Every line from the one that includes "this 2048×1365 image." to the end of the entries should be written out exactly, with the first and last included.
★ ★ ★ ★ ★ ★ ★
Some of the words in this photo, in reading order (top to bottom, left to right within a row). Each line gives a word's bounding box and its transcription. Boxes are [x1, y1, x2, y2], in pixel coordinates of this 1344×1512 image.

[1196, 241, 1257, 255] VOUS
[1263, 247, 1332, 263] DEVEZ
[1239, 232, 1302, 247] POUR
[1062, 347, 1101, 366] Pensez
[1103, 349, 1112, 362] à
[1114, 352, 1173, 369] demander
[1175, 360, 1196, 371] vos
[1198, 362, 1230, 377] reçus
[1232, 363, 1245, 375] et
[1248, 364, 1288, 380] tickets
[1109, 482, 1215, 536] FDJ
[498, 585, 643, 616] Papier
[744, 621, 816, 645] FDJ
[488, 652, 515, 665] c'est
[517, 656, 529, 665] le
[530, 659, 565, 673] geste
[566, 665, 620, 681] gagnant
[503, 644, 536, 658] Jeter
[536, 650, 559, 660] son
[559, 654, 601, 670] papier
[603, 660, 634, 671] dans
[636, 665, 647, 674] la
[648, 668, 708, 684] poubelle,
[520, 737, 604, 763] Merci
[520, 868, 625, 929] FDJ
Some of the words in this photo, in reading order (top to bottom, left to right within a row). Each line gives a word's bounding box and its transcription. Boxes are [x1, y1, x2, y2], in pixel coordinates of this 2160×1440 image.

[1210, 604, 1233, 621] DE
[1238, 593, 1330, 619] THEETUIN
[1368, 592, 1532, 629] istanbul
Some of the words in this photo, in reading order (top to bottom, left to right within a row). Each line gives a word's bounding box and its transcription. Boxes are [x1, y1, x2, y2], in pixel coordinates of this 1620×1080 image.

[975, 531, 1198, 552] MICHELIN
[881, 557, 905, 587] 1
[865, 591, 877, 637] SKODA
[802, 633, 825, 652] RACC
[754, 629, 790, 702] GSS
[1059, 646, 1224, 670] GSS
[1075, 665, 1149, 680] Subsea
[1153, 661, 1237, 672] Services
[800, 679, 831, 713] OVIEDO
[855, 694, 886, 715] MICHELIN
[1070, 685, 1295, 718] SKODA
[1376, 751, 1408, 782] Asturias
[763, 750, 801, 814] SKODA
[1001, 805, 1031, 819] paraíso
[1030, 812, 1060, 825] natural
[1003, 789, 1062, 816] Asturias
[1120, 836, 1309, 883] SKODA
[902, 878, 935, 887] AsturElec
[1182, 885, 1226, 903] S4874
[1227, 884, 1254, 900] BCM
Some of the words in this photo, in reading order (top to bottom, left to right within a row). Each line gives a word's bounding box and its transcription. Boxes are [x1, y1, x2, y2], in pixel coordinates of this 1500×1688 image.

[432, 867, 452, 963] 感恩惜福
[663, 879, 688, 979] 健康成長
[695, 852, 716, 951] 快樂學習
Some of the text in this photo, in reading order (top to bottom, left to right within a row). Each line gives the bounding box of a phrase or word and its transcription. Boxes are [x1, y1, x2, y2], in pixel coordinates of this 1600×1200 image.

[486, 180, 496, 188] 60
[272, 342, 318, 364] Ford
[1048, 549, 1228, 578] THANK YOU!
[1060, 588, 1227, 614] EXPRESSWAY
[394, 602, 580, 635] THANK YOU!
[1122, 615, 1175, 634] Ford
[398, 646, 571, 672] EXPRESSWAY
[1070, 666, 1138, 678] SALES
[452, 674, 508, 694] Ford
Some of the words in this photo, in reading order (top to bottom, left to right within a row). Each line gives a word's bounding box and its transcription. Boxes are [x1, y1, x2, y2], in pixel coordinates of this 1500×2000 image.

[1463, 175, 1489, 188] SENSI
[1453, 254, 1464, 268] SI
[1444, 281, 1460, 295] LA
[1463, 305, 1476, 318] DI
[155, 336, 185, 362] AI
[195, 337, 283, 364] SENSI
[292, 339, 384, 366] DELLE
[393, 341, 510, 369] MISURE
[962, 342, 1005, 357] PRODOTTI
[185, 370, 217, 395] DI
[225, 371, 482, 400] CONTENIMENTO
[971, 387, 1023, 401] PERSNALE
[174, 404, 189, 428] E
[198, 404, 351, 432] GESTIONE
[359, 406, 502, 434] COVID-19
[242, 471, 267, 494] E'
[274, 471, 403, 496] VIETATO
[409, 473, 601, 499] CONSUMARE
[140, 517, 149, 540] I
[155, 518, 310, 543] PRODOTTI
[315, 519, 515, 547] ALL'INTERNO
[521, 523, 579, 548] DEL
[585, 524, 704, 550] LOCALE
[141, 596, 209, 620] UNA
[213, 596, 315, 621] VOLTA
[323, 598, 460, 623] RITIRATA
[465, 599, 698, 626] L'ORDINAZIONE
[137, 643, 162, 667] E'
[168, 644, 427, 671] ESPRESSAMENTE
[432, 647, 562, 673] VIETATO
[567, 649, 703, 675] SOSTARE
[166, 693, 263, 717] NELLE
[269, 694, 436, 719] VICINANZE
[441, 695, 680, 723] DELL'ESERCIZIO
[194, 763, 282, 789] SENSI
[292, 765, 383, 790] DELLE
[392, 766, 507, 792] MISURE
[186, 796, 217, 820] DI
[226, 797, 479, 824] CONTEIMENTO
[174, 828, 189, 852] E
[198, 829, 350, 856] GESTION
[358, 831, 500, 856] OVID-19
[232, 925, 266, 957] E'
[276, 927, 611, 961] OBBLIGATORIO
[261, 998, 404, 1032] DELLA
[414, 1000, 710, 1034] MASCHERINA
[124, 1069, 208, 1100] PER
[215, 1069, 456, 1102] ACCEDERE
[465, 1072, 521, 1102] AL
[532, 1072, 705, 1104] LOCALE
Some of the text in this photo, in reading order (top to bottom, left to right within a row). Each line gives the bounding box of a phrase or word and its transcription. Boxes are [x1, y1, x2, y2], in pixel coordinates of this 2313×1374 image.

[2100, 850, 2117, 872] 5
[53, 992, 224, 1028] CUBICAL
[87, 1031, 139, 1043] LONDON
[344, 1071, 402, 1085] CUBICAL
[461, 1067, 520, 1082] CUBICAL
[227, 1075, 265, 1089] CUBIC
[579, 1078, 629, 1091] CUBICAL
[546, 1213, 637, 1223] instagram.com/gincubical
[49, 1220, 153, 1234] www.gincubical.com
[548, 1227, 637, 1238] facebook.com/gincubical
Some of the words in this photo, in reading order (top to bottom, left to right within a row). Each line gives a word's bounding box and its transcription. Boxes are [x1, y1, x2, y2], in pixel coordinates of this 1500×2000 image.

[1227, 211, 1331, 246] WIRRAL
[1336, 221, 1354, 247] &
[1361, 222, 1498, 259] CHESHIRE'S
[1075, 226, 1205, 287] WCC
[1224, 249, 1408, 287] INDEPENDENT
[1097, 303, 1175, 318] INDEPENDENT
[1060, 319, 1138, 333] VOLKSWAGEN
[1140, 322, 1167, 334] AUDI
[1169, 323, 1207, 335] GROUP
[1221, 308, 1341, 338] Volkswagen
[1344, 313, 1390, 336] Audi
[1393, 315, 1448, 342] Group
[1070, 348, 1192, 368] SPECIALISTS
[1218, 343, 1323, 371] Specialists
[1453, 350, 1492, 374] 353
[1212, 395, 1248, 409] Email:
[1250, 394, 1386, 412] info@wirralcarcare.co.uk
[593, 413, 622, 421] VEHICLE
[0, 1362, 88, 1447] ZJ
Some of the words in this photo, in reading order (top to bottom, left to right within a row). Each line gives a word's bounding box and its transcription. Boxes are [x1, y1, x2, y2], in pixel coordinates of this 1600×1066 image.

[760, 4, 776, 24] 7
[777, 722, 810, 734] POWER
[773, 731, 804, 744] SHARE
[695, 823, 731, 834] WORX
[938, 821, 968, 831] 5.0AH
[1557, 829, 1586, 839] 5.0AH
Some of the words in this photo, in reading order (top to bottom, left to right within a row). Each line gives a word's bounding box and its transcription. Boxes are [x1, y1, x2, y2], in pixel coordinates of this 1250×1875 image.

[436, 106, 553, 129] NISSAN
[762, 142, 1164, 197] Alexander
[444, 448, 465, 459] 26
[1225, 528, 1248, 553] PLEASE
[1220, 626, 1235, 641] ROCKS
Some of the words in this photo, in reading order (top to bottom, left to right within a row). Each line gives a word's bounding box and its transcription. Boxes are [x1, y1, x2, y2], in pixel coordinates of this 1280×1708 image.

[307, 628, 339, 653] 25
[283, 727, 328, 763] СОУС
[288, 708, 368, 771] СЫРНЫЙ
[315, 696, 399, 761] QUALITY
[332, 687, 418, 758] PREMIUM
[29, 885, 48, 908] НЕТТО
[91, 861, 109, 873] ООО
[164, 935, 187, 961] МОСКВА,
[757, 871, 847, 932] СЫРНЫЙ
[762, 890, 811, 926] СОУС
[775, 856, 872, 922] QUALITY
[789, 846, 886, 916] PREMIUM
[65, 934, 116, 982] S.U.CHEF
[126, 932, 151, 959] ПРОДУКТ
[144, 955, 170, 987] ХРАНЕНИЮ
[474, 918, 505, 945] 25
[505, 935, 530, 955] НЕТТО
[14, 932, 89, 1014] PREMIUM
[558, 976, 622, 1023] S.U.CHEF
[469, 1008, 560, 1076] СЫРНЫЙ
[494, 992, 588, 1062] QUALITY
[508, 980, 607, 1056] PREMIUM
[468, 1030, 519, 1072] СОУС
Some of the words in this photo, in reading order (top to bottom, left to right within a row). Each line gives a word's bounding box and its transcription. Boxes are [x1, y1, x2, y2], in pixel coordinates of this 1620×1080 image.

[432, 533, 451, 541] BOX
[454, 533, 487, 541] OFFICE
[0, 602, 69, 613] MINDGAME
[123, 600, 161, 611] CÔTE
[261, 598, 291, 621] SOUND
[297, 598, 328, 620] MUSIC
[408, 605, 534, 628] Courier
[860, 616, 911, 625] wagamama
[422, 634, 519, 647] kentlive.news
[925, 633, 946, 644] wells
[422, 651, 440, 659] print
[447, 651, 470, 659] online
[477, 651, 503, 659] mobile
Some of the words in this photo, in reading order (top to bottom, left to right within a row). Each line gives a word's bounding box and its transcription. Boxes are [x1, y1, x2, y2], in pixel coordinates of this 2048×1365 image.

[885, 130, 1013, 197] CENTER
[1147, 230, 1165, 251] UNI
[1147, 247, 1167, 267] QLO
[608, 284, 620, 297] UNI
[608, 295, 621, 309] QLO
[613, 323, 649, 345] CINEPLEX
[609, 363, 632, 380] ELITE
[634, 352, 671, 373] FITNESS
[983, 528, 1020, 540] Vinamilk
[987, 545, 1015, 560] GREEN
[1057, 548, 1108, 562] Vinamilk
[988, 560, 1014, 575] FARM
★ ★ ★ ★ ★ ★ ★
● The completed task:
Some of the words in this photo, in reading order (top to bottom, left to right within a row). Each line gives a word's bounding box and its transcription. Boxes are [x1, y1, x2, y2], in pixel coordinates of this 2048×1365 image.

[885, 130, 1013, 197] CENTER
[1147, 230, 1165, 251] UNI
[1147, 247, 1167, 267] QLO
[608, 284, 620, 297] UNI
[608, 295, 621, 309] QLO
[613, 323, 649, 345] CINEPLEX
[609, 363, 632, 380] ELITE
[634, 352, 671, 373] FITNESS
[983, 528, 1020, 540] Vinamilk
[987, 545, 1015, 560] GREEN
[1057, 548, 1108, 562] Vinamilk
[988, 560, 1014, 575] FARM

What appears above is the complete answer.